### Action item
With no addition or omission, return the entries below.
-=-=-=-=-
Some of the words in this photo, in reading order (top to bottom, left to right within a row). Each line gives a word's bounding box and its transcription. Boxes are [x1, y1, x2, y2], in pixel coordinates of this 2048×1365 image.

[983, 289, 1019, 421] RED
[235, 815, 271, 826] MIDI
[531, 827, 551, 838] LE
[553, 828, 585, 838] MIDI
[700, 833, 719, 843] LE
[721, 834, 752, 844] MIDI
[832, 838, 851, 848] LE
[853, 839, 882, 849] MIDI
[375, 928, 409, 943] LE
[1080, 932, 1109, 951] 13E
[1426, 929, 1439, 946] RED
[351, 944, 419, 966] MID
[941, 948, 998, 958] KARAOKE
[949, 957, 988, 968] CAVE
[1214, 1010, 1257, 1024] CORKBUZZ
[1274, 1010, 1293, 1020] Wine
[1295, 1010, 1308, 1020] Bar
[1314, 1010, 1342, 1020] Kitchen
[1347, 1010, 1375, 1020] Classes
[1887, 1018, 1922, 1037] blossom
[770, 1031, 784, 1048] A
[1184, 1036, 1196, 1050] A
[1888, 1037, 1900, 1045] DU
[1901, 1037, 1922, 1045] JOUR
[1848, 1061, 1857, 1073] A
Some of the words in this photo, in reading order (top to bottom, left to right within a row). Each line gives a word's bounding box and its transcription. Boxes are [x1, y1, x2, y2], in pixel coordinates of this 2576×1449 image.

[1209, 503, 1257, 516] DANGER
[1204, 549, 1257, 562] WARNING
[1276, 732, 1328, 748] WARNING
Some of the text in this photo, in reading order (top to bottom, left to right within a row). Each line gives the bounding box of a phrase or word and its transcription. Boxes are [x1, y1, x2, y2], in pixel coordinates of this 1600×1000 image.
-=-=-=-=-
### Output below
Some of the words in this photo, in reading order (top to bottom, left to right within a row). Each line gives a word's bounding box and its transcription. Boxes are [x1, y1, x2, y2], in pixel coordinates of this 2048×1365 image.

[983, 289, 1019, 421] RED
[235, 815, 271, 826] MIDI
[531, 827, 551, 838] LE
[553, 828, 585, 838] MIDI
[700, 833, 719, 843] LE
[721, 834, 752, 844] MIDI
[832, 838, 851, 848] LE
[853, 839, 882, 849] MIDI
[375, 928, 409, 943] LE
[1080, 932, 1109, 951] 13E
[1426, 929, 1439, 946] RED
[351, 944, 419, 966] MID
[941, 948, 998, 958] KARAOKE
[949, 957, 988, 968] CAVE
[1214, 1010, 1257, 1024] CORKBUZZ
[1274, 1010, 1293, 1020] Wine
[1295, 1010, 1308, 1020] Bar
[1314, 1010, 1342, 1020] Kitchen
[1347, 1010, 1375, 1020] Classes
[1887, 1018, 1922, 1037] blossom
[770, 1031, 784, 1048] A
[1184, 1036, 1196, 1050] A
[1888, 1037, 1900, 1045] DU
[1901, 1037, 1922, 1045] JOUR
[1848, 1061, 1857, 1073] A
Some of the words in this photo, in reading order (top to bottom, left to right within a row). Each line gives a word's bounding box and its transcription. Boxes are [x1, y1, x2, y2], in pixel coordinates of this 2576×1449 image.

[1209, 503, 1257, 516] DANGER
[1204, 549, 1257, 562] WARNING
[1276, 732, 1328, 748] WARNING
Some of the text in this photo, in reading order (top to bottom, left to right within a row). Each line gives the bounding box of a phrase or word and its transcription. Boxes are [x1, y1, x2, y2], in pixel coordinates of this 1600×1000 image.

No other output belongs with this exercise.